▶ [WORK INSTRUCTION]: Write the records out again, precisely as they stand.

BEGIN SUPPLIED DATA

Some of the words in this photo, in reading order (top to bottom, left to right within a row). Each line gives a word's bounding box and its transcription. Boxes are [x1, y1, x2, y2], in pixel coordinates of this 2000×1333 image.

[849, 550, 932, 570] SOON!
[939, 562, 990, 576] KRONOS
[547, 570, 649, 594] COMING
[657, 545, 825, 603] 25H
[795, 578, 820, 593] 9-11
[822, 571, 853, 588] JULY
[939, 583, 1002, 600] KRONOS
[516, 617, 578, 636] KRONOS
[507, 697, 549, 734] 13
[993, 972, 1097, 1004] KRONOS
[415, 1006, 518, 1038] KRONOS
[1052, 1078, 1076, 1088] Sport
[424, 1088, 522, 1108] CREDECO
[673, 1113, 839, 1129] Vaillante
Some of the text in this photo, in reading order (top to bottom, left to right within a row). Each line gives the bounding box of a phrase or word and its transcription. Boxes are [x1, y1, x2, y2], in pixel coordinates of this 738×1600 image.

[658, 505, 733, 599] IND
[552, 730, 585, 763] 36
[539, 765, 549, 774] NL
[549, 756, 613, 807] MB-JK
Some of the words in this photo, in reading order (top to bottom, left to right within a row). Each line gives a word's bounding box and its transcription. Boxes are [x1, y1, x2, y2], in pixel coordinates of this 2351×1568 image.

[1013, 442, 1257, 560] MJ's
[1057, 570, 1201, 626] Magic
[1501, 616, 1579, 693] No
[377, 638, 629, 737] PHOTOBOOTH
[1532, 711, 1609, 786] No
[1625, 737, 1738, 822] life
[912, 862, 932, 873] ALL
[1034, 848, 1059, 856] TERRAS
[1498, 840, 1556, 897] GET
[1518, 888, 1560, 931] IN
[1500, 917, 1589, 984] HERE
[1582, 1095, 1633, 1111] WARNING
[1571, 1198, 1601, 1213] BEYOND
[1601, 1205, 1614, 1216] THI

END SUPPLIED DATA

▶ [RESPONSE]:
Some of the words in this photo, in reading order (top to bottom, left to right within a row). Each line gives a word's bounding box and its transcription. Boxes are [x1, y1, x2, y2], in pixel coordinates of this 2000×1333 image.

[849, 550, 932, 570] SOON!
[939, 562, 990, 576] KRONOS
[547, 570, 649, 594] COMING
[657, 545, 825, 603] 25H
[795, 578, 820, 593] 9-11
[822, 571, 853, 588] JULY
[939, 583, 1002, 600] KRONOS
[516, 617, 578, 636] KRONOS
[507, 697, 549, 734] 13
[993, 972, 1097, 1004] KRONOS
[415, 1006, 518, 1038] KRONOS
[1052, 1078, 1076, 1088] Sport
[424, 1088, 522, 1108] CREDECO
[673, 1113, 839, 1129] Vaillante
Some of the text in this photo, in reading order (top to bottom, left to right within a row). Each line gives the bounding box of a phrase or word and its transcription. Boxes are [x1, y1, x2, y2], in pixel coordinates of this 738×1600 image.

[658, 505, 733, 599] IND
[552, 730, 585, 763] 36
[539, 765, 549, 774] NL
[549, 756, 613, 807] MB-JK
Some of the words in this photo, in reading order (top to bottom, left to right within a row). Each line gives a word's bounding box and its transcription. Boxes are [x1, y1, x2, y2], in pixel coordinates of this 2351×1568 image.

[1013, 442, 1257, 560] MJ's
[1057, 570, 1201, 626] Magic
[1501, 616, 1579, 693] No
[377, 638, 629, 737] PHOTOBOOTH
[1532, 711, 1609, 786] No
[1625, 737, 1738, 822] life
[912, 862, 932, 873] ALL
[1034, 848, 1059, 856] TERRAS
[1498, 840, 1556, 897] GET
[1518, 888, 1560, 931] IN
[1500, 917, 1589, 984] HERE
[1582, 1095, 1633, 1111] WARNING
[1571, 1198, 1601, 1213] BEYOND
[1601, 1205, 1614, 1216] THI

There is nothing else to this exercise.